Instructions to follow –
Leave out the pictures and copy every record exactly.
_ _ _ _
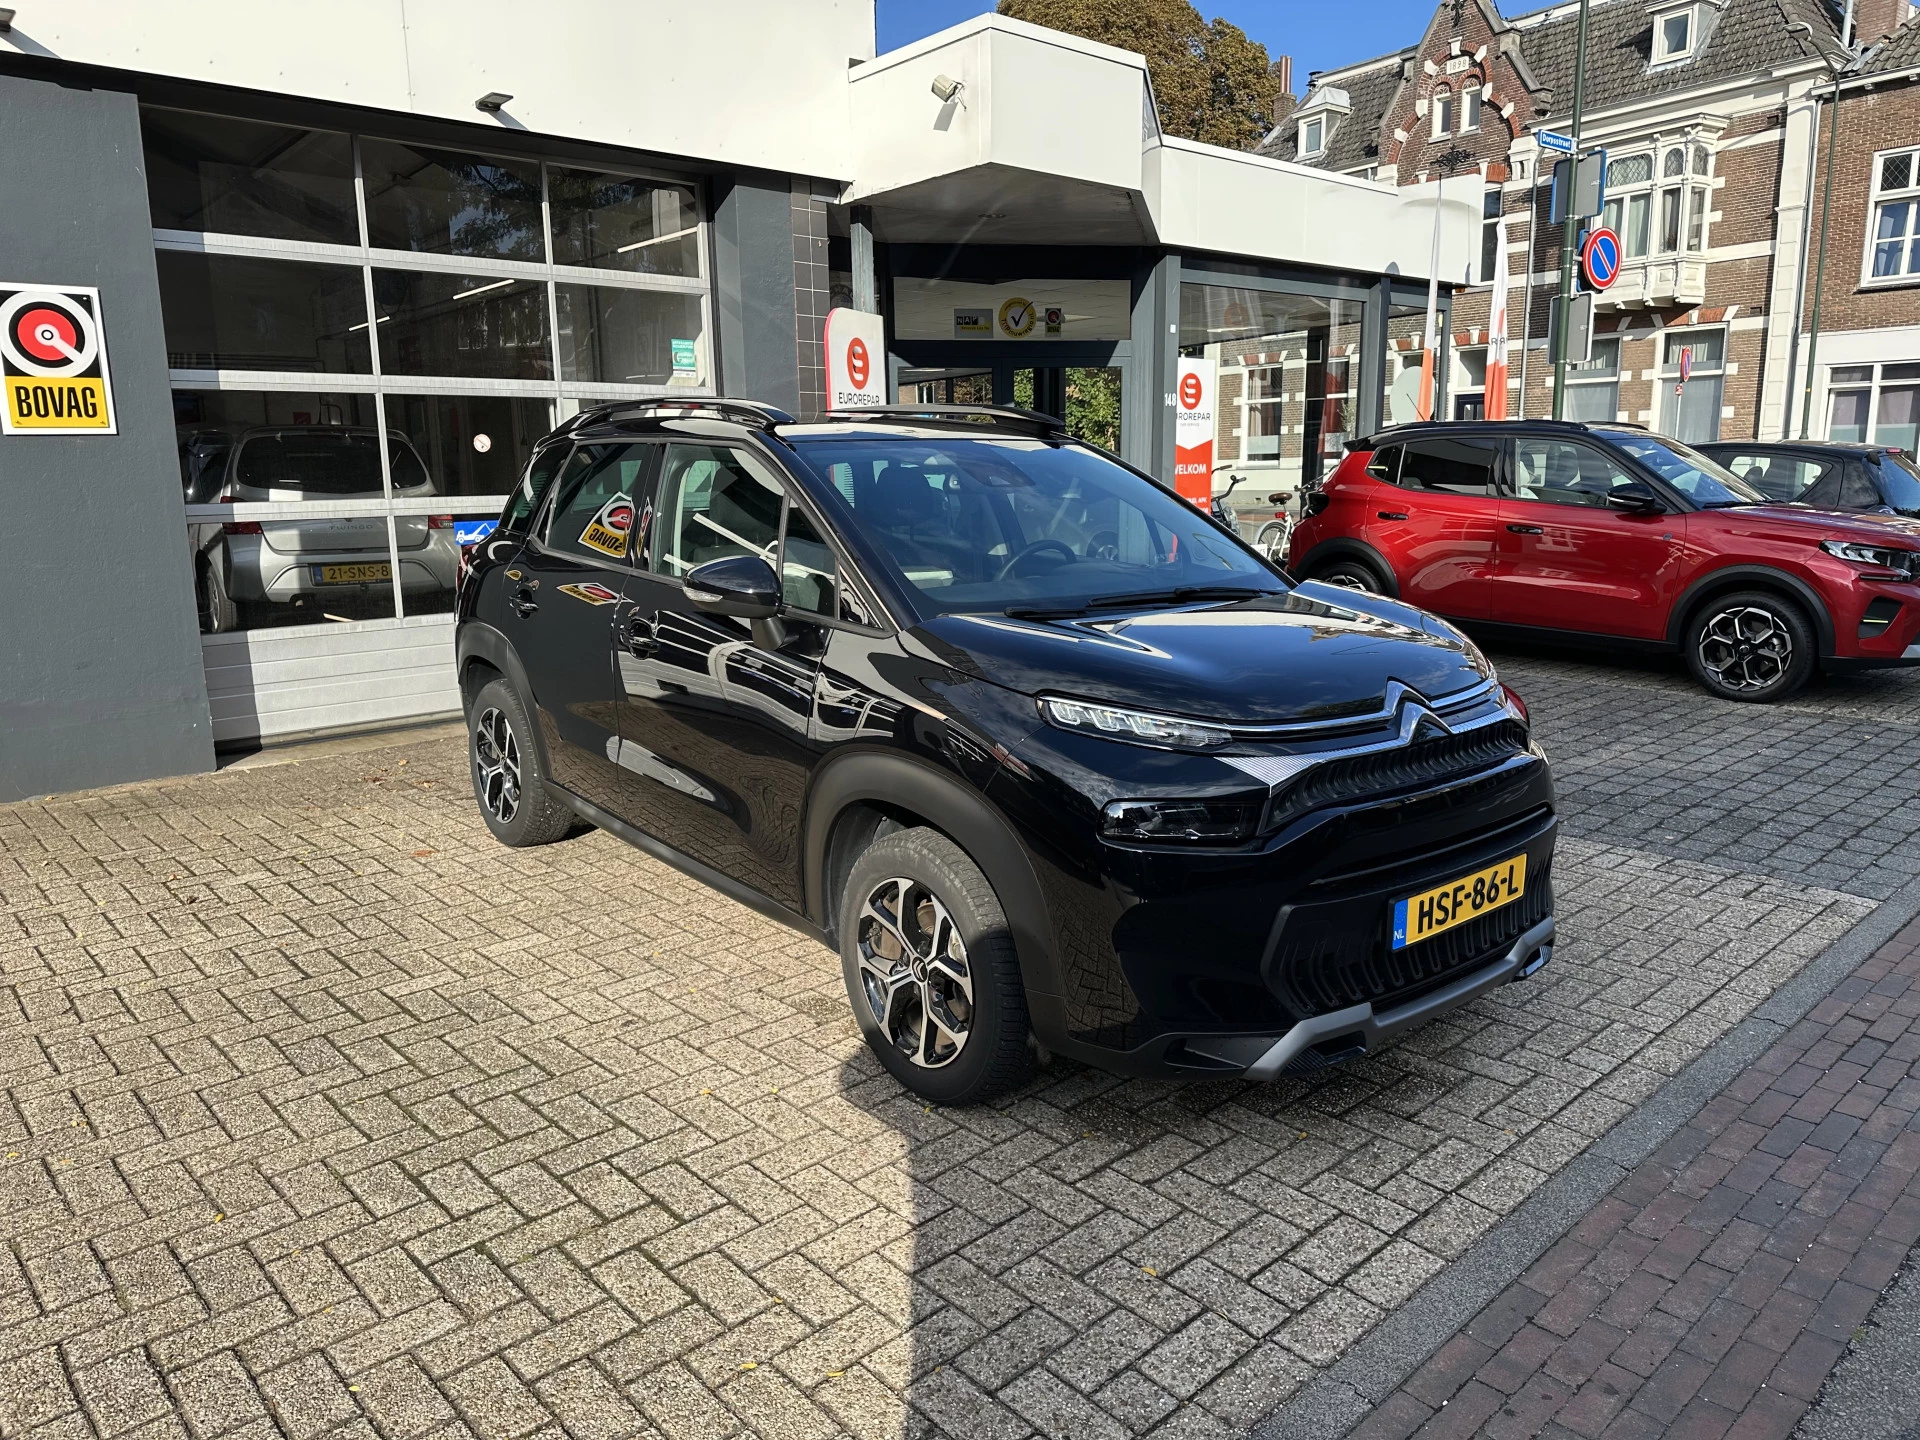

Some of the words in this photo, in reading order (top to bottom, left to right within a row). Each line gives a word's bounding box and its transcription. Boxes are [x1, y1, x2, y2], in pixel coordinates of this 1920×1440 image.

[1542, 133, 1571, 149] Dorpsstraat
[14, 385, 98, 419] BOVAG
[838, 392, 880, 407] EUROREPAR
[1164, 392, 1177, 407] 148
[328, 565, 389, 580] 21-SNS-8
[1417, 864, 1519, 934] HSF-86-L
[1393, 928, 1405, 941] NL
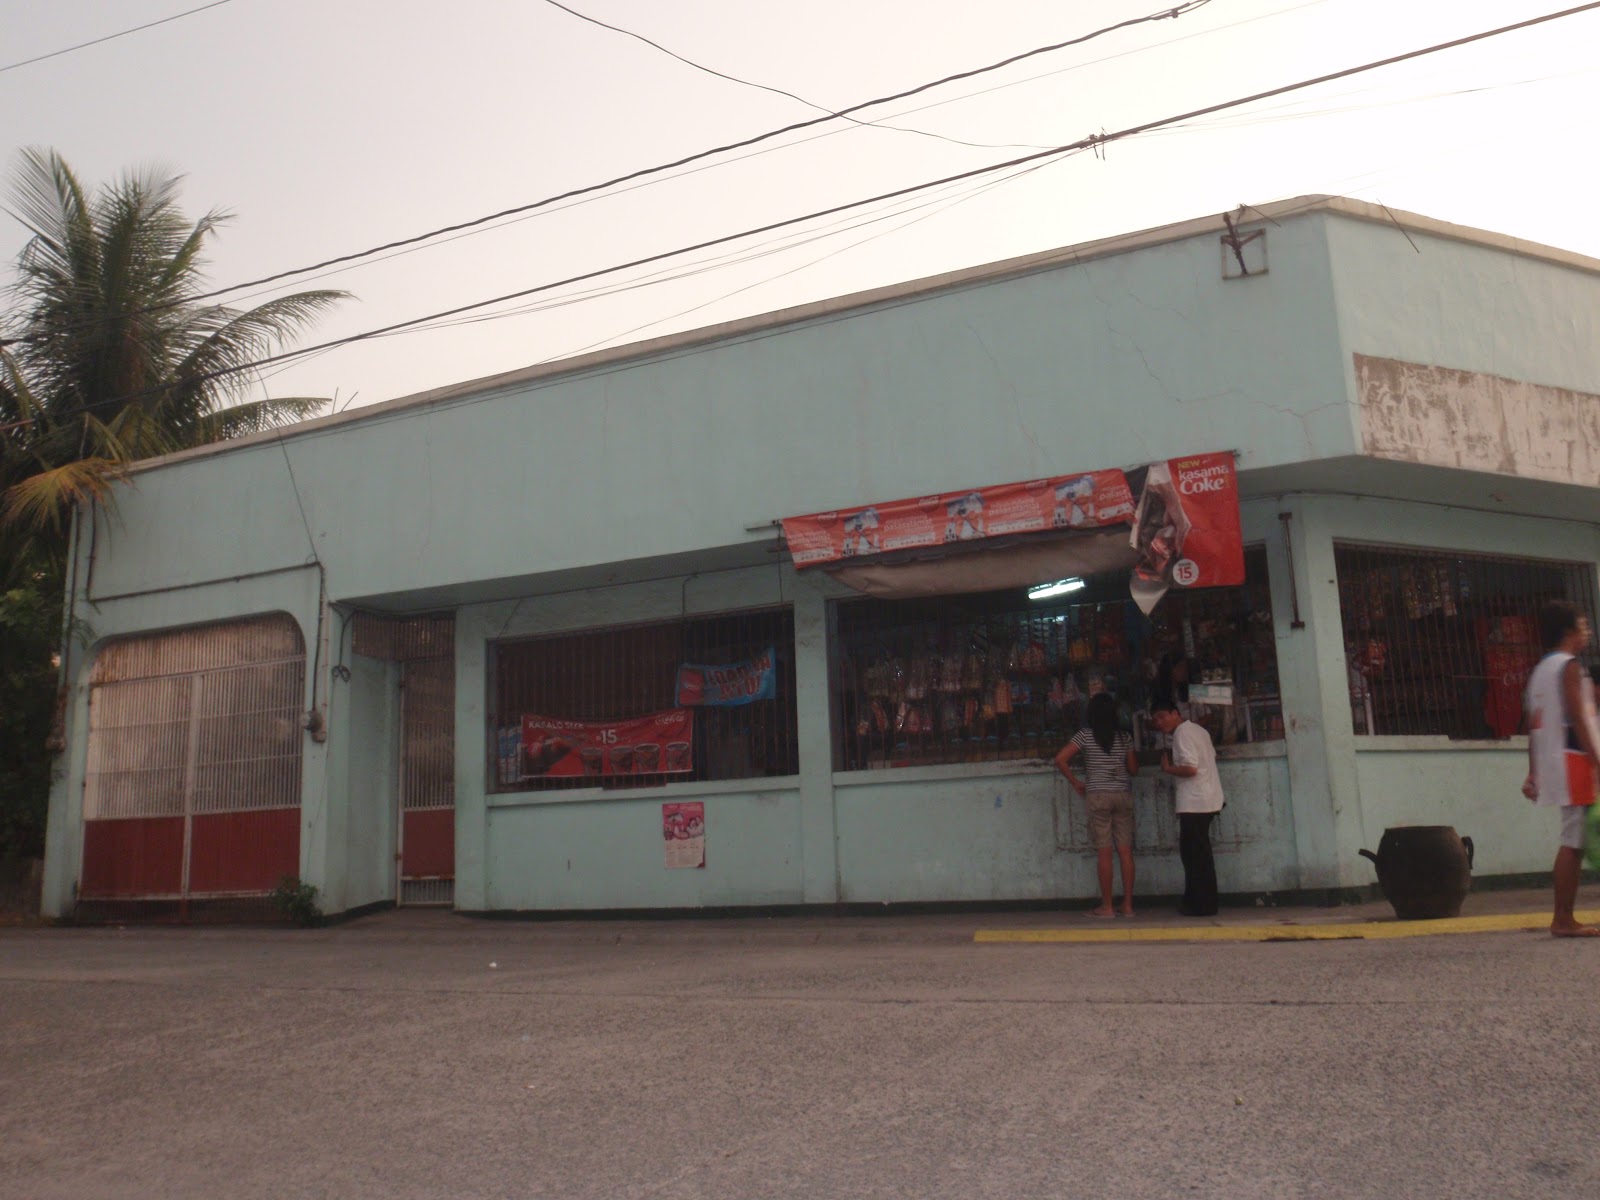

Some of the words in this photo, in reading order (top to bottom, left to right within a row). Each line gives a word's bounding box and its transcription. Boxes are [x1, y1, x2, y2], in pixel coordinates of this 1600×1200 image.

[1177, 459, 1200, 470] NEW
[1178, 464, 1229, 482] kasama
[1177, 566, 1193, 580] 15
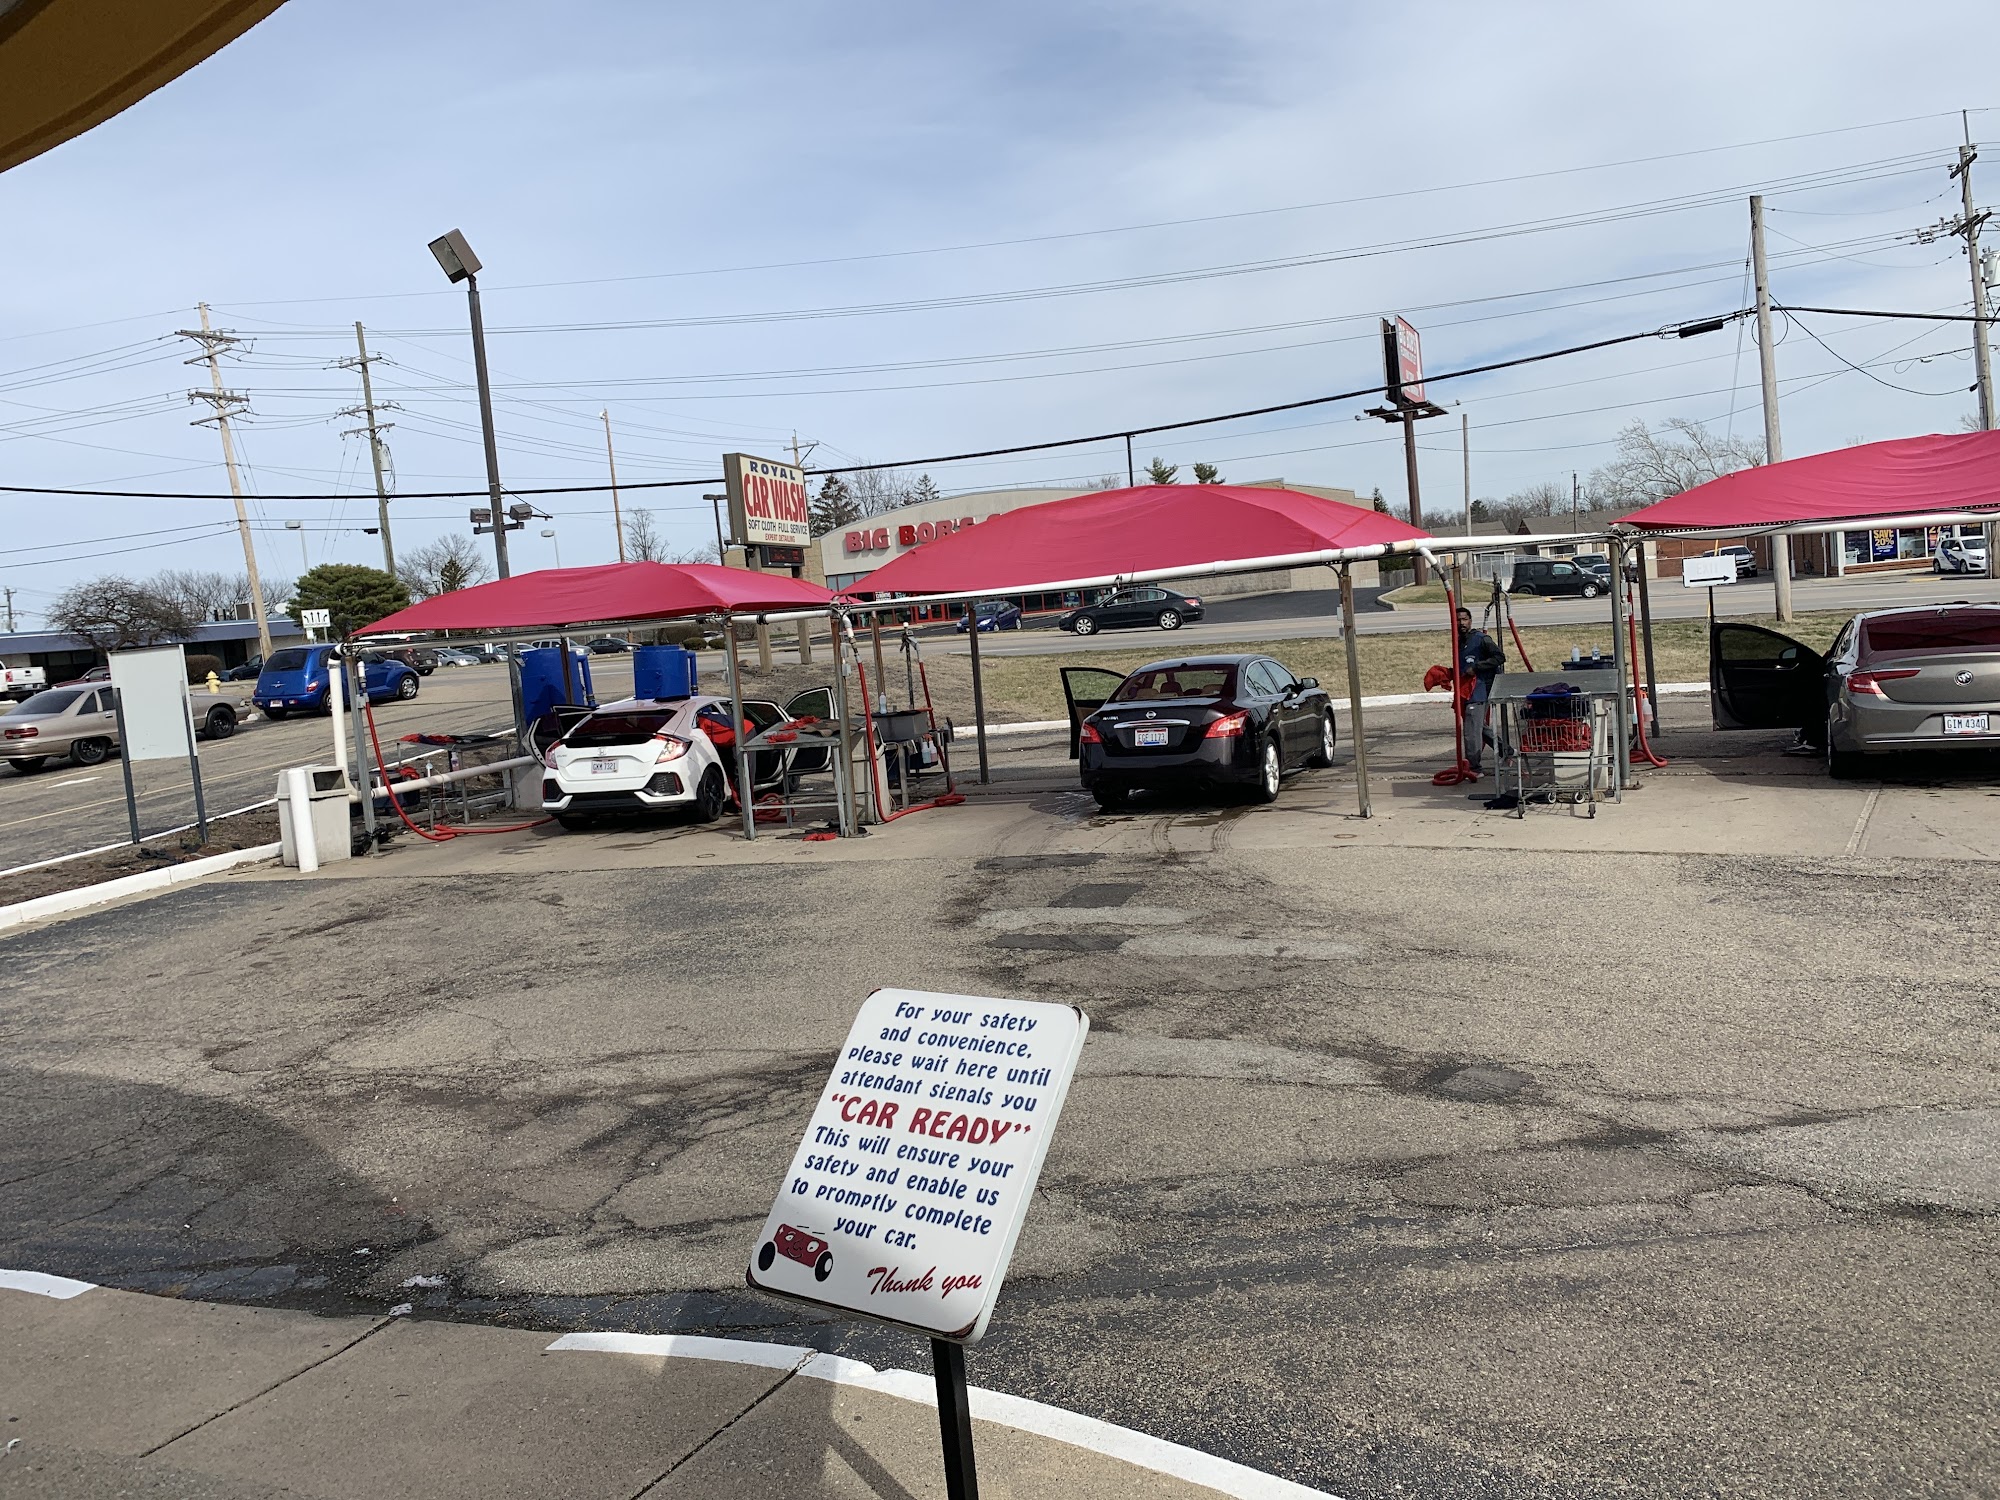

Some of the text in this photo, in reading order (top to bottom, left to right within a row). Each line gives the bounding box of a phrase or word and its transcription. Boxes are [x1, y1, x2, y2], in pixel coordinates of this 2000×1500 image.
_ _ _ _
Written answer –
Some of the words in this photo, in reading order (top to bottom, left to right within a row). Each line gives a word's bounding box and its transcription. Boxes are [x1, y1, x2, y2], in pixel coordinates of this 1920×1440 image.

[1542, 133, 1571, 149] Dorpsstraat
[14, 385, 98, 419] BOVAG
[838, 392, 880, 407] EUROREPAR
[1164, 392, 1177, 407] 148
[328, 565, 389, 580] 21-SNS-8
[1417, 864, 1519, 934] HSF-86-L
[1393, 928, 1405, 941] NL

Some of the words in this photo, in reading order (top to bottom, left to right within a row). Each line gives a word's bounding box and its transcription. Boxes are [x1, y1, x2, y2], in pixel coordinates of this 1600×1200 image.

[1177, 459, 1200, 470] NEW
[1178, 464, 1229, 482] kasama
[1177, 566, 1193, 580] 15

Some of the text in this photo, in reading order (top to bottom, left to right within a row). Each line gives the bounding box of a phrase or word and its transcription. Boxes are [x1, y1, x2, y2], in pixel coordinates of this 2000×1500 image.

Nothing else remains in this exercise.